Xiong Wenyun uses a fresh and powerful artistic language and style in service of a rapidly changing society. This language carries psychological connotations of human interiority and character – it demonstrates her love and concern for life. Her artistic creativity requires an unusual intelligence and courage, as well as a serious and genuine attitude. The new direction in contemporary art requires that art not be limited to traditional media and methods of expression; artists need to go beyond these various limitations and restrictions, to face life directly, interacting and communicating with the populace; furthermore, in cooperation with wider organizations, institutions or individuals at various levels, they have to work harder to spread the influence of art. Xiong Wenyun uses her warmth and sincerity in artistic creation to bring surprises and evoke reflection, involving powers and efficiencies at every social level, and, further, being effective.
While Xiong Wenyun’s works are produced for a broader nature and society, and emerge out of a sense of mission, she also pours her enthusiasm into things of a more microscopic scale.

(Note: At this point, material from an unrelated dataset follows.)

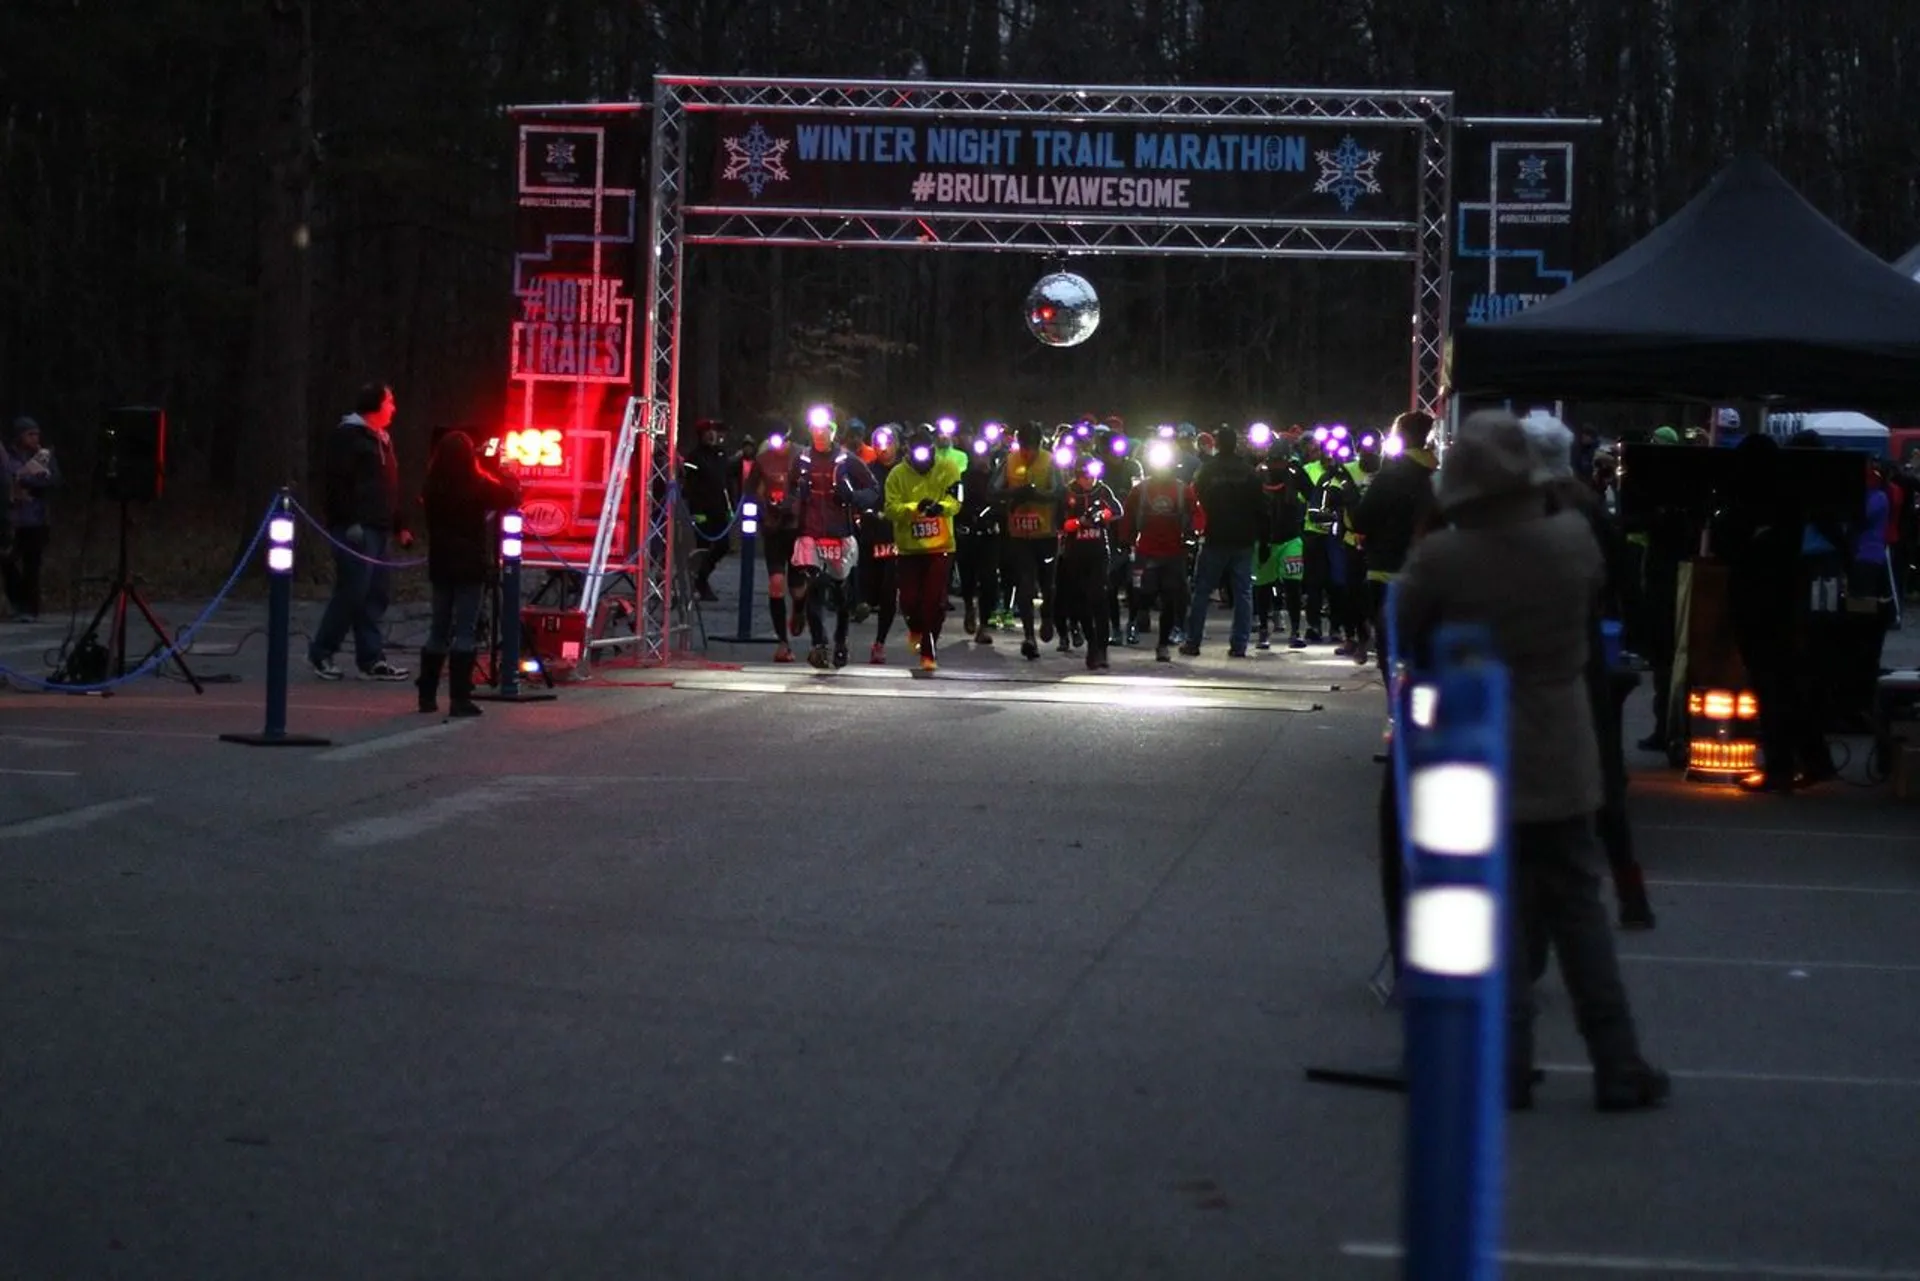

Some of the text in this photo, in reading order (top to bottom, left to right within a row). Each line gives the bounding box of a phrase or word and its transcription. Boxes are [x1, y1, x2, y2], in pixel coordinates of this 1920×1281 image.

The recently appearing plastic pearls captured her attention, she was enamored with connecting and combining these materials and endowing them with variation and symbolic meanings of life through shapes and forms; she was touched by their intricate and simple power. To begin with the miniature symbolization of life, Xiong Wenyun created “Kongkong” cartoon images, these combined popular culture and fashionable elements and brought them even more into the space between the directness of individual life and every-changing society and history. They became the spokesmen of free souls and life energy.
Xiong Wenyun’s Moving Rainbow and KongKong have already been all around the world, their combination with different natural environments and cultural backgrounds is worth pondering. Moving Rainbow constructed a time-transcending historical ambiance; it is a display of life and spirit in a naturally and culturally formed environment. And Empty, through its working out and directing, focused on and criticized contemporary life. They both come from the artist’s love and response to life.

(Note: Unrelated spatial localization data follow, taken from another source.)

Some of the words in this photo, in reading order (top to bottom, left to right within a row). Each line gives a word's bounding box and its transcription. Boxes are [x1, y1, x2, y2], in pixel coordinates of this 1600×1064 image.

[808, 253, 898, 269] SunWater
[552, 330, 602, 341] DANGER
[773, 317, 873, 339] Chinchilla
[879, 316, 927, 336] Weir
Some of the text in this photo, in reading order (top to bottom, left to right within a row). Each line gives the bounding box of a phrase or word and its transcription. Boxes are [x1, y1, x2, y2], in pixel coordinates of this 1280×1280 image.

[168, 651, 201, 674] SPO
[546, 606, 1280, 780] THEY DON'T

Knowing about the change in background allows Xiong Wenyun’s works to be more accessible to the general audience; at the same time, the works are able to encourage their participation. A large number of people who have no relation to art have participated with sincerity and warmth. Such unskilled acceptance and involvement originates directly from the initial intention of the artwork. Xiong Wenyun broke away from the dogma of the concept of “artwork”, and instead entered into social events with more general significance. In the process, she has continuously summarized the path of the human soul. Such a combination of methods allows us to see the new energy that contemporary art is able to bring forth.